**REQUIRED WORK**
Give the listing back in full, exactly as written, with the pictures removed.
+ + + + +
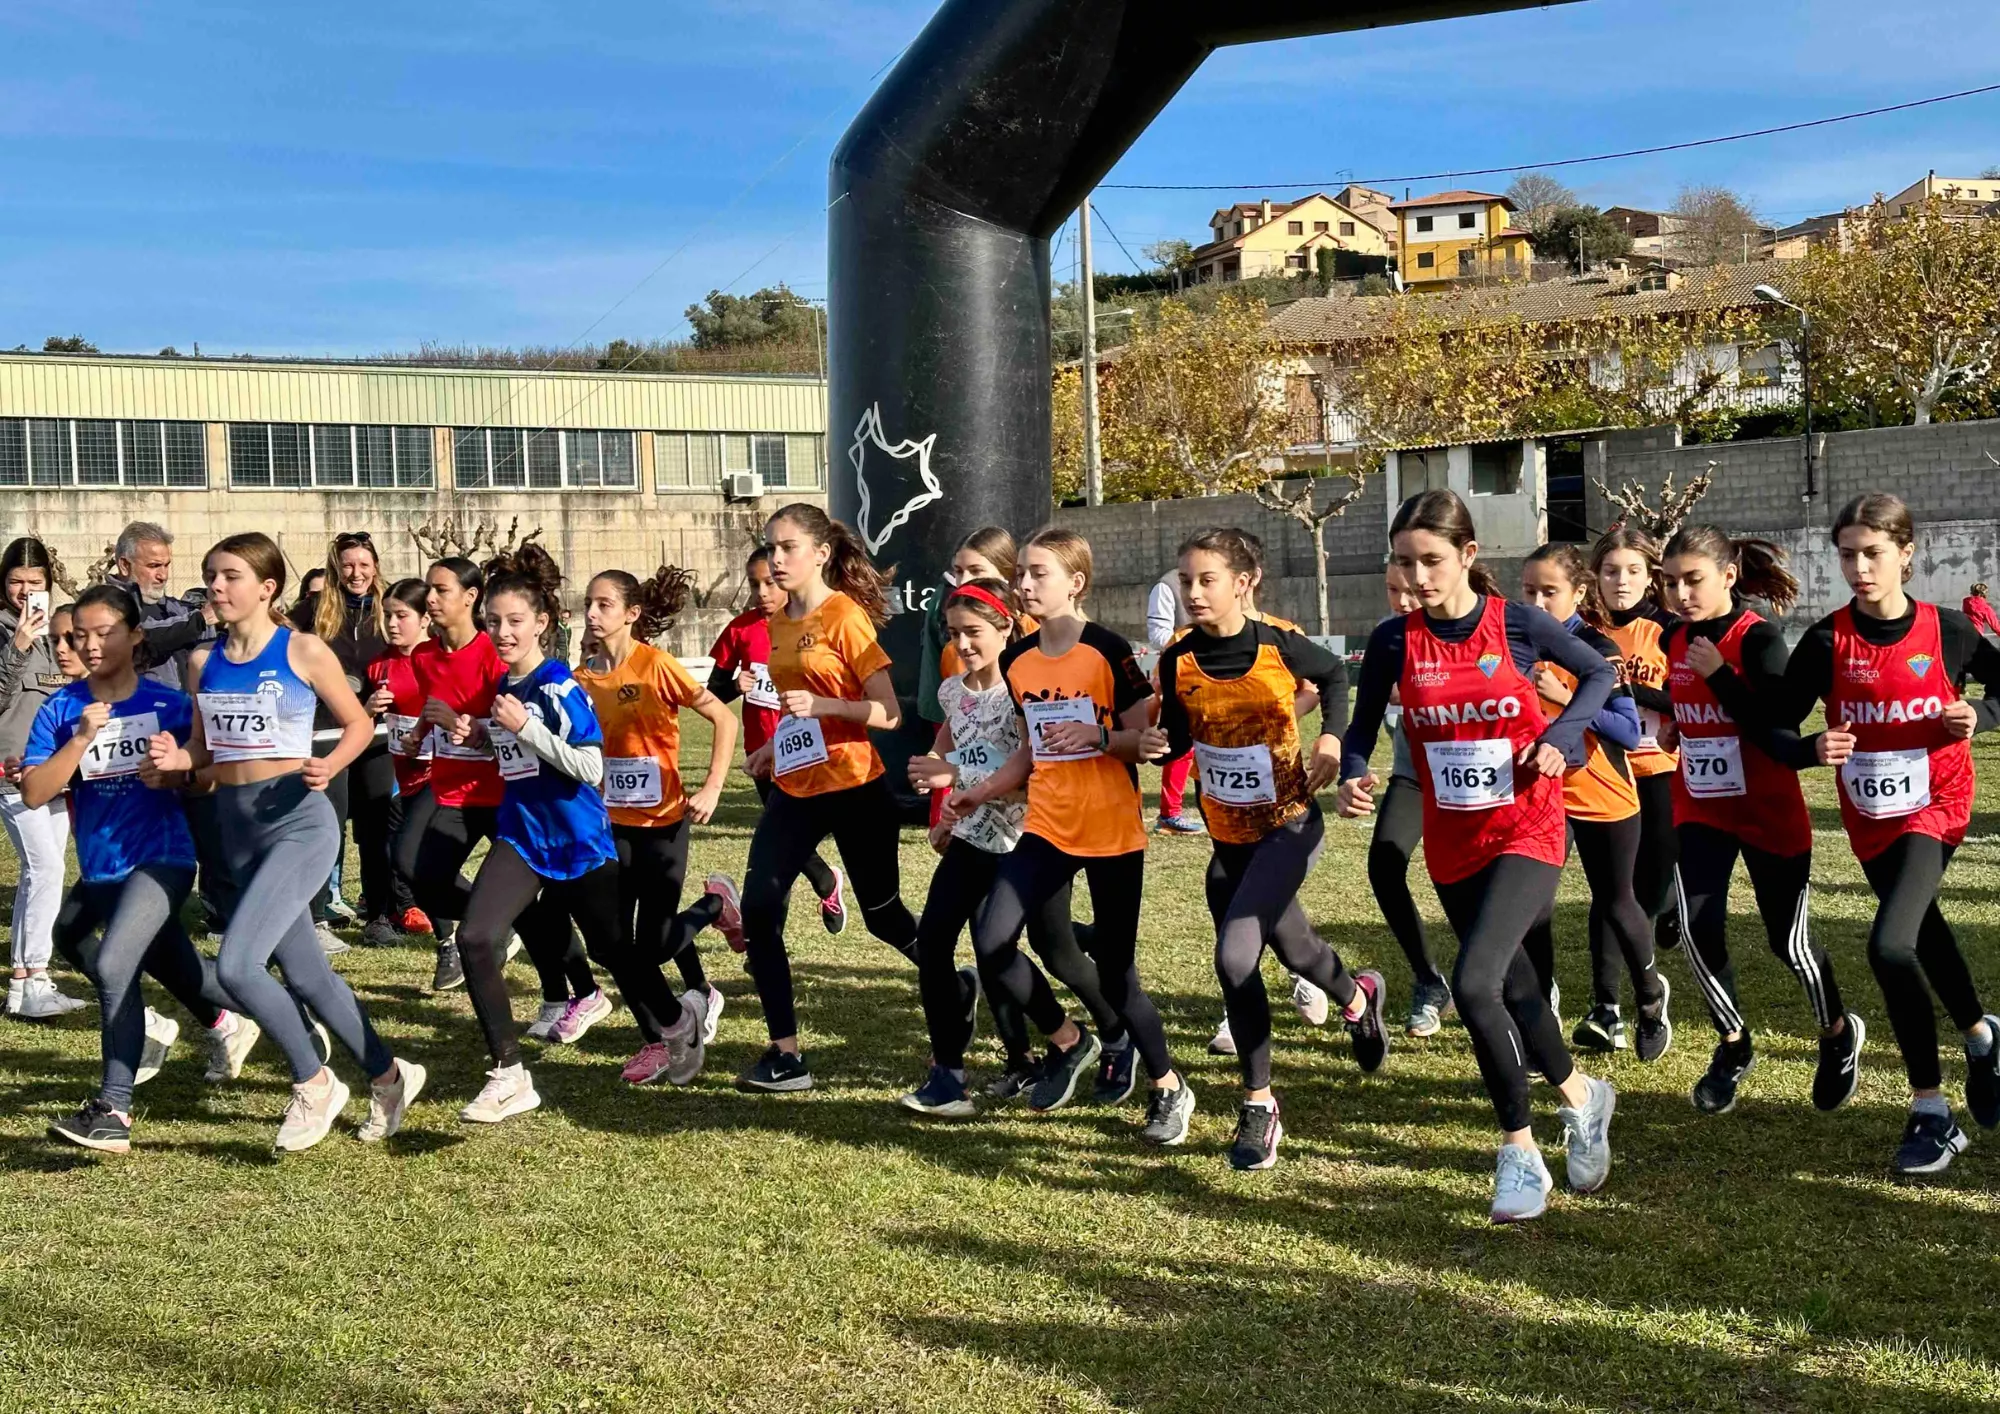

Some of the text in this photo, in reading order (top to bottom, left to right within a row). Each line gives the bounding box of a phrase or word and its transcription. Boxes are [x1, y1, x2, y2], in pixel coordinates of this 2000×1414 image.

[1409, 696, 1520, 728] HINACO
[1840, 696, 1943, 725] HINACO
[211, 714, 266, 732] 1773
[88, 738, 147, 762] 1780
[779, 731, 815, 757] 1698
[609, 774, 650, 789] 1697
[1207, 768, 1261, 789] 1725
[1441, 766, 1498, 788] 1663
[1851, 776, 1911, 798] 1661
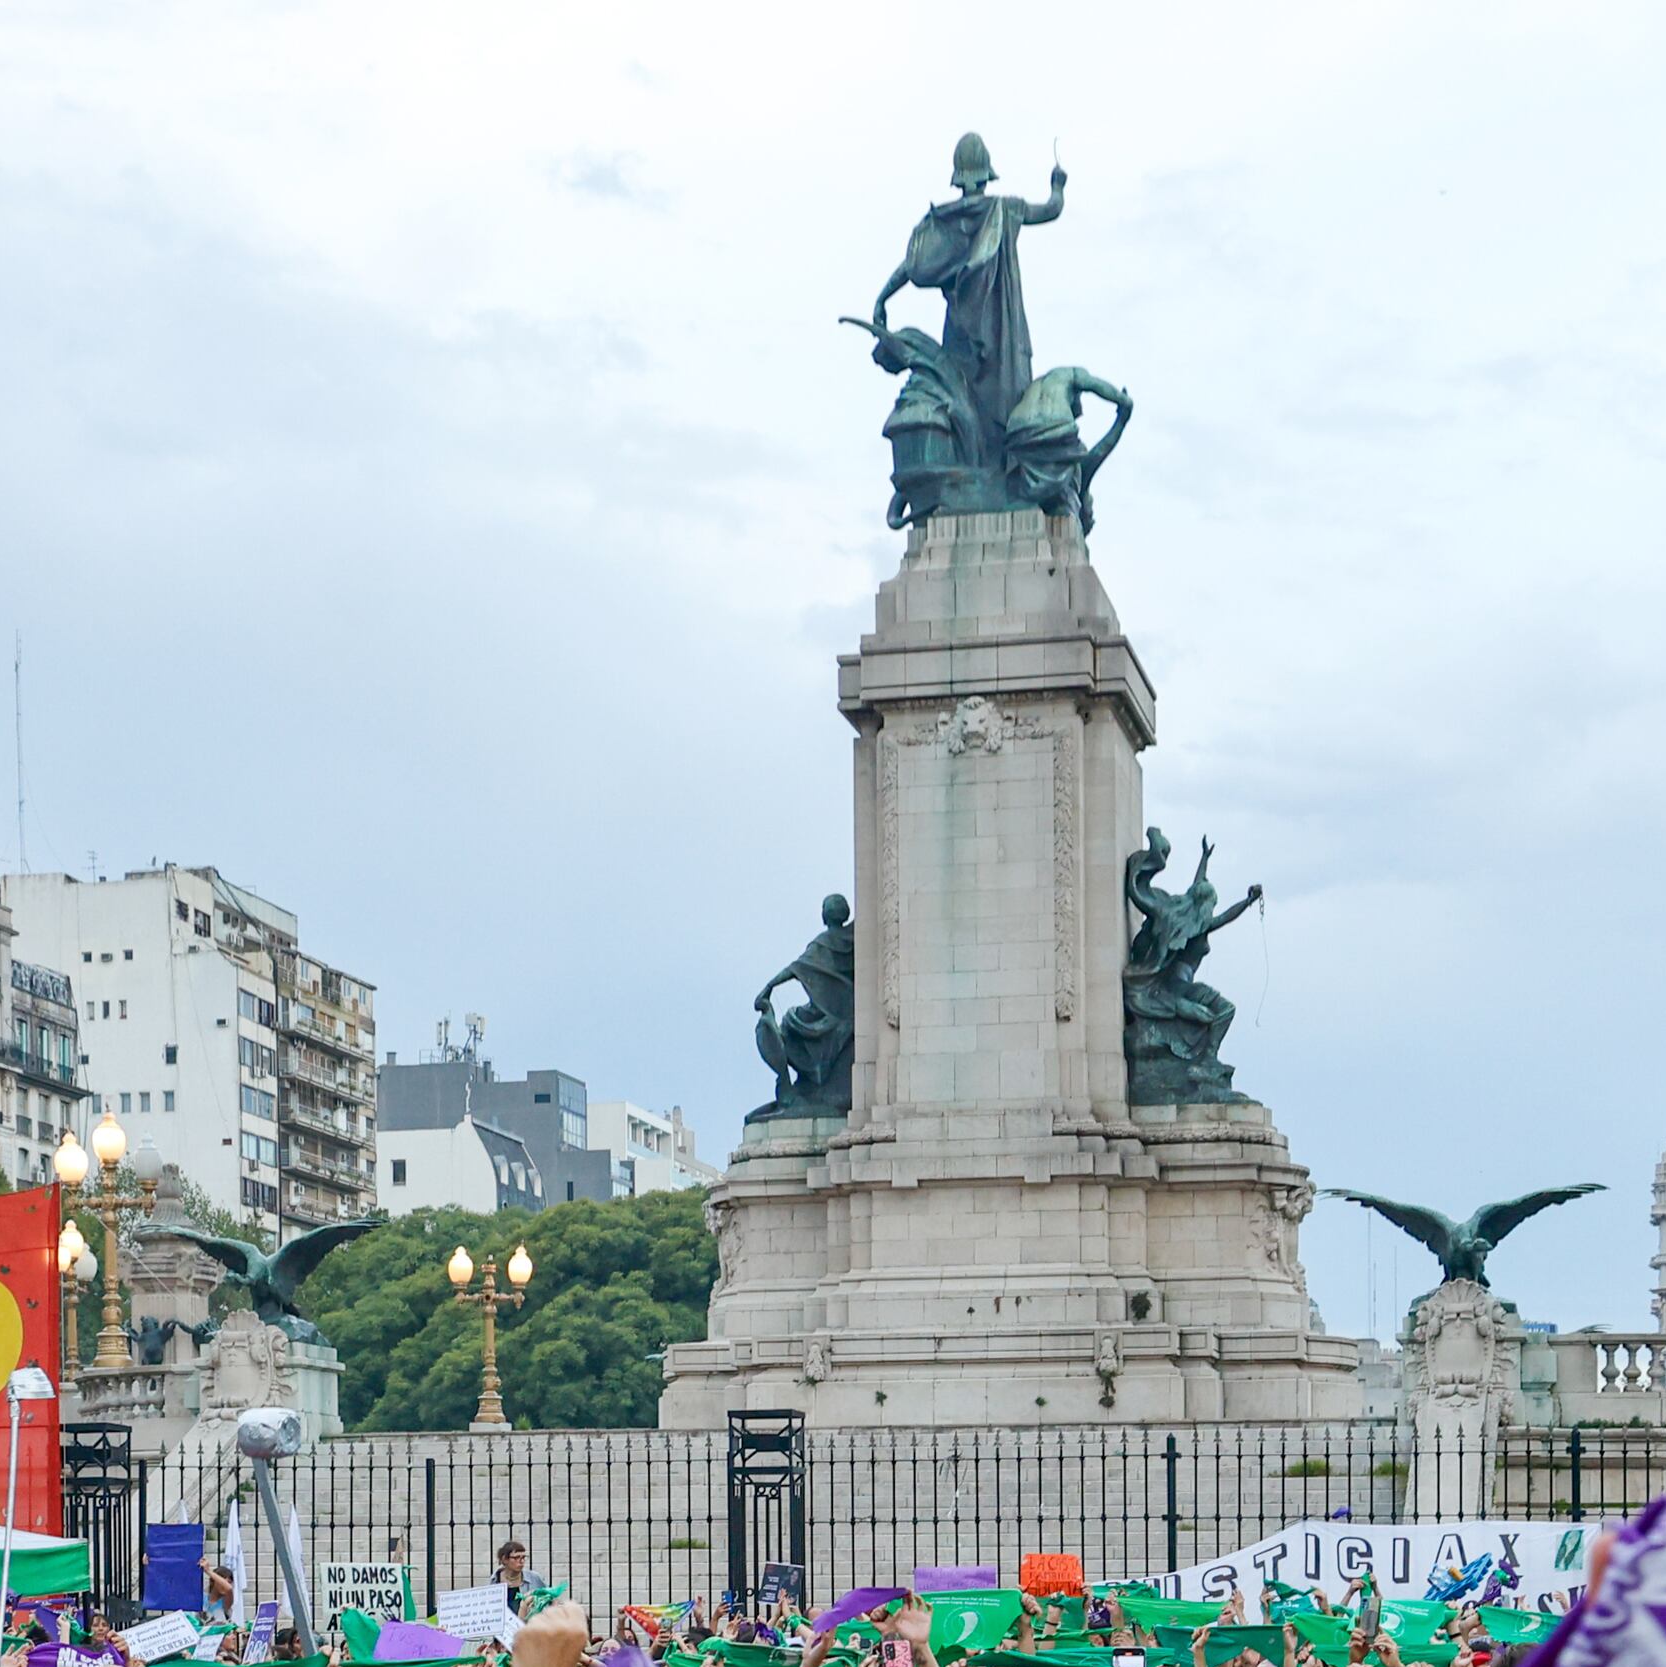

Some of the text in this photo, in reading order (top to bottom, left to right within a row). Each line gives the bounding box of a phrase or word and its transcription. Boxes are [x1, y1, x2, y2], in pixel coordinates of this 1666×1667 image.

[328, 1566, 398, 1584] NO DAMOS
[345, 1590, 365, 1608] UN
[369, 1589, 403, 1608] PASO
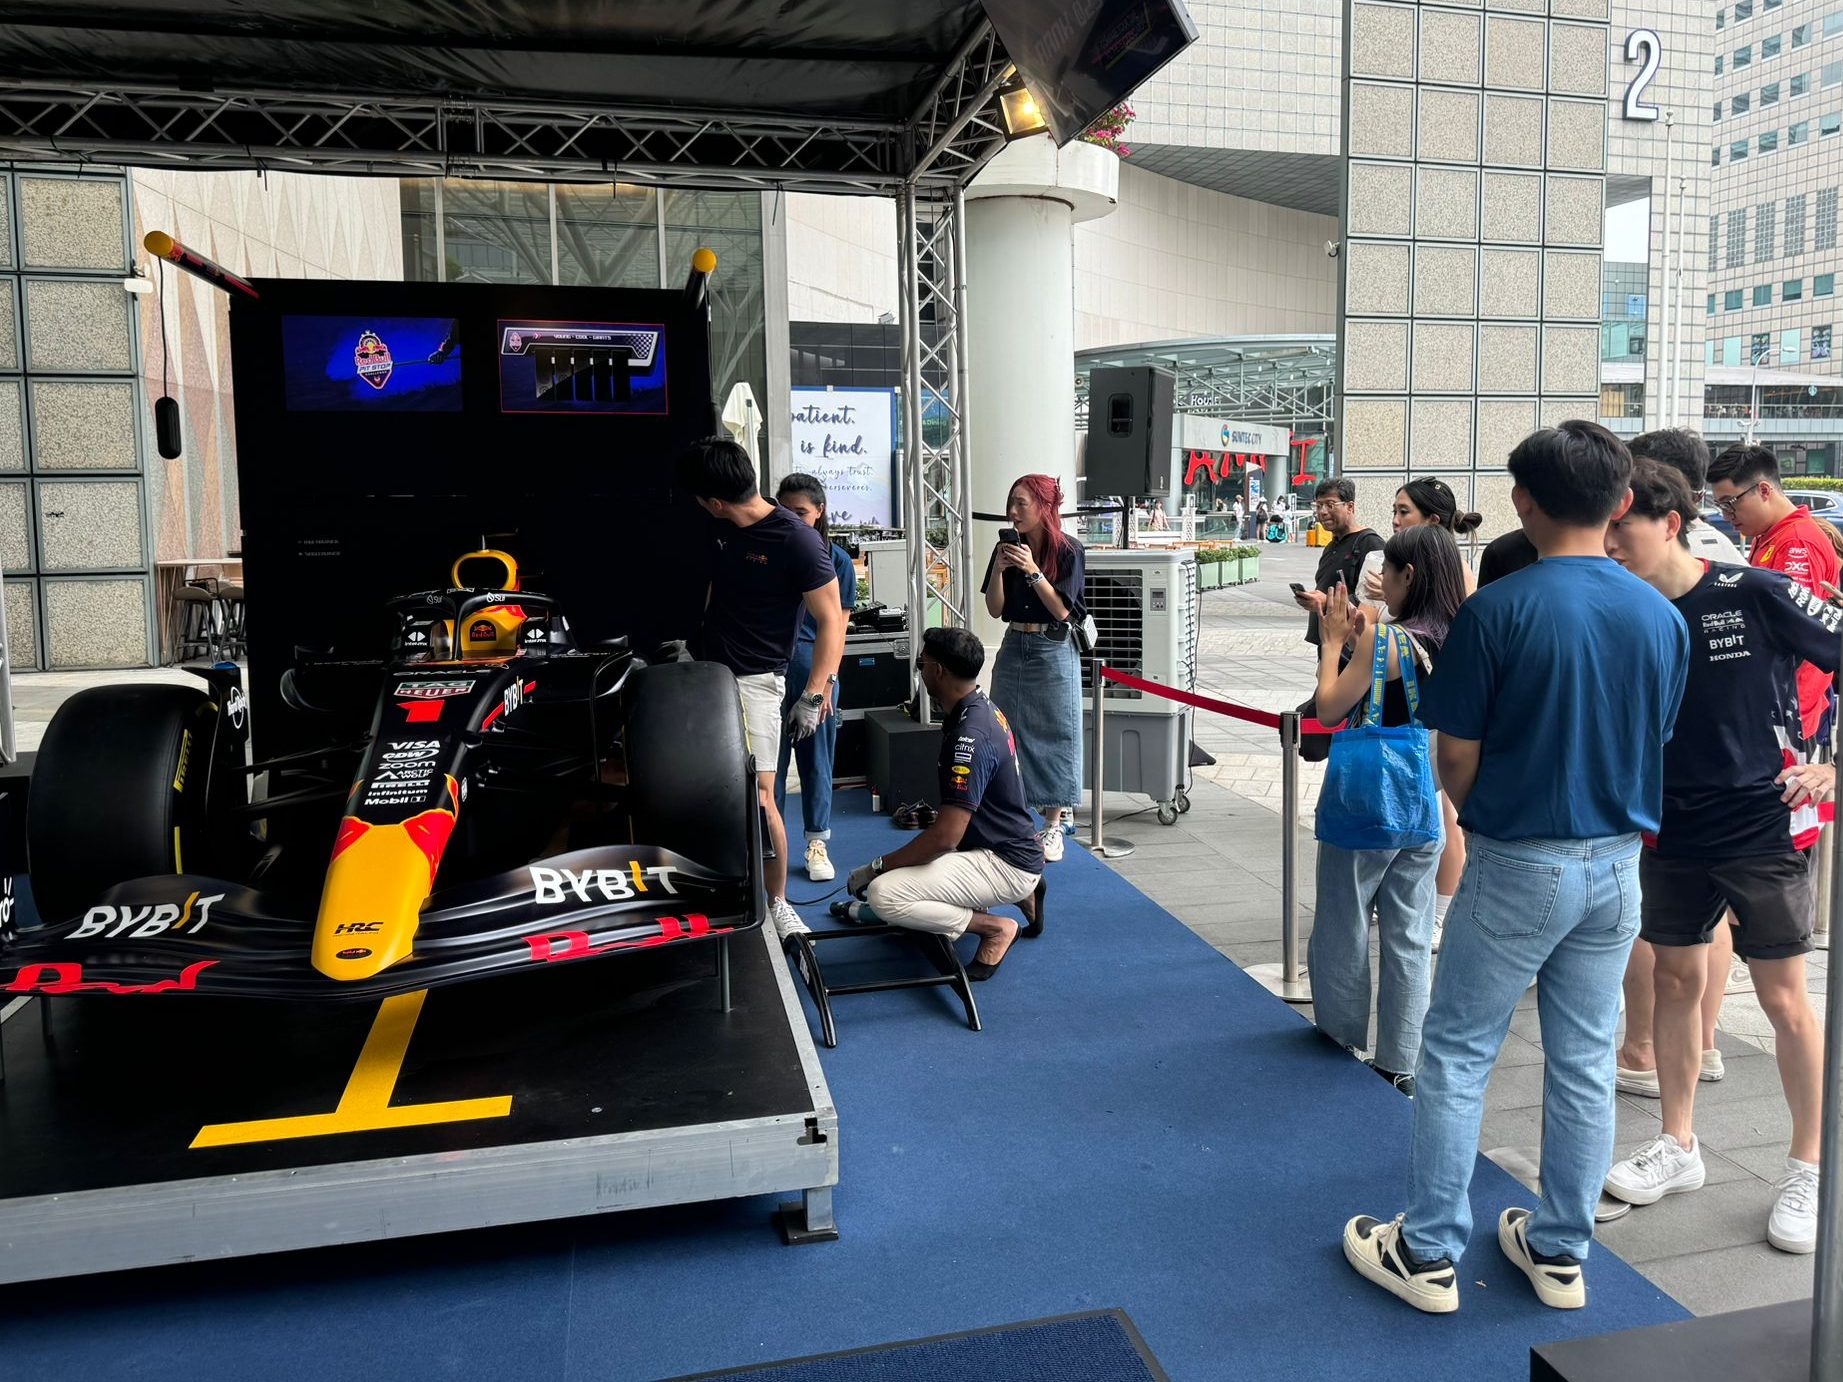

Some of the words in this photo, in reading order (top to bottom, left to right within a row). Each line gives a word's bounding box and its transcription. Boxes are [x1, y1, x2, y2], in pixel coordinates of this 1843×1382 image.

[1622, 28, 1661, 120] 2
[1232, 430, 1251, 444] SUNTEC
[1252, 432, 1262, 446] CITY
[800, 440, 815, 454] is
[820, 433, 868, 459] kind.
[811, 465, 844, 483] always
[823, 483, 873, 492] erseveres.
[828, 510, 853, 524] ve
[1701, 609, 1743, 621] ORACLE
[1709, 634, 1745, 650] BYBIT
[1709, 650, 1752, 662] HONDA
[393, 668, 492, 677] ORACLE
[399, 687, 468, 697] HEUER
[504, 675, 524, 717] BYBIT
[396, 699, 446, 723] 1
[387, 740, 441, 750] VISA
[364, 796, 409, 806] Mobil
[529, 860, 679, 904] BYBIT
[64, 892, 225, 939] BYBIT
[333, 921, 384, 935] HRC
+ + + + +
**OUTPUT OF THE EXERCISE**
Some of the text in this photo, in reading order (top to bottom, left to right within a row). Each line gives the bounding box of a phrase or word and its transcription. Boxes are [x1, y1, x2, y2], in pixel coordinates of this 2000×1414 image.

[1409, 696, 1520, 728] HINACO
[1840, 696, 1943, 725] HINACO
[211, 714, 266, 732] 1773
[88, 738, 147, 762] 1780
[779, 731, 815, 757] 1698
[609, 774, 650, 789] 1697
[1207, 768, 1261, 789] 1725
[1441, 766, 1498, 788] 1663
[1851, 776, 1911, 798] 1661

Some of the text in this photo, in reading order (top to bottom, left to right within a row). Each line gives the bounding box of a phrase or word and its transcription. Boxes are [x1, y1, x2, y2], in pixel coordinates of this 1666×1667 image.

[328, 1566, 398, 1584] NO DAMOS
[345, 1590, 365, 1608] UN
[369, 1589, 403, 1608] PASO

Some of the words in this photo, in reading order (top to bottom, left to right within a row). Each line gives a word's bounding box and its transcription. Boxes are [x1, y1, x2, y2], in pixel coordinates of this 1843×1382 image.

[1622, 28, 1661, 120] 2
[1232, 430, 1251, 444] SUNTEC
[1252, 432, 1262, 446] CITY
[800, 440, 815, 454] is
[820, 433, 868, 459] kind.
[811, 465, 844, 483] always
[823, 483, 873, 492] erseveres.
[828, 510, 853, 524] ve
[1701, 609, 1743, 621] ORACLE
[1709, 634, 1745, 650] BYBIT
[1709, 650, 1752, 662] HONDA
[393, 668, 492, 677] ORACLE
[399, 687, 468, 697] HEUER
[504, 675, 524, 717] BYBIT
[396, 699, 446, 723] 1
[387, 740, 441, 750] VISA
[364, 796, 409, 806] Mobil
[529, 860, 679, 904] BYBIT
[64, 892, 225, 939] BYBIT
[333, 921, 384, 935] HRC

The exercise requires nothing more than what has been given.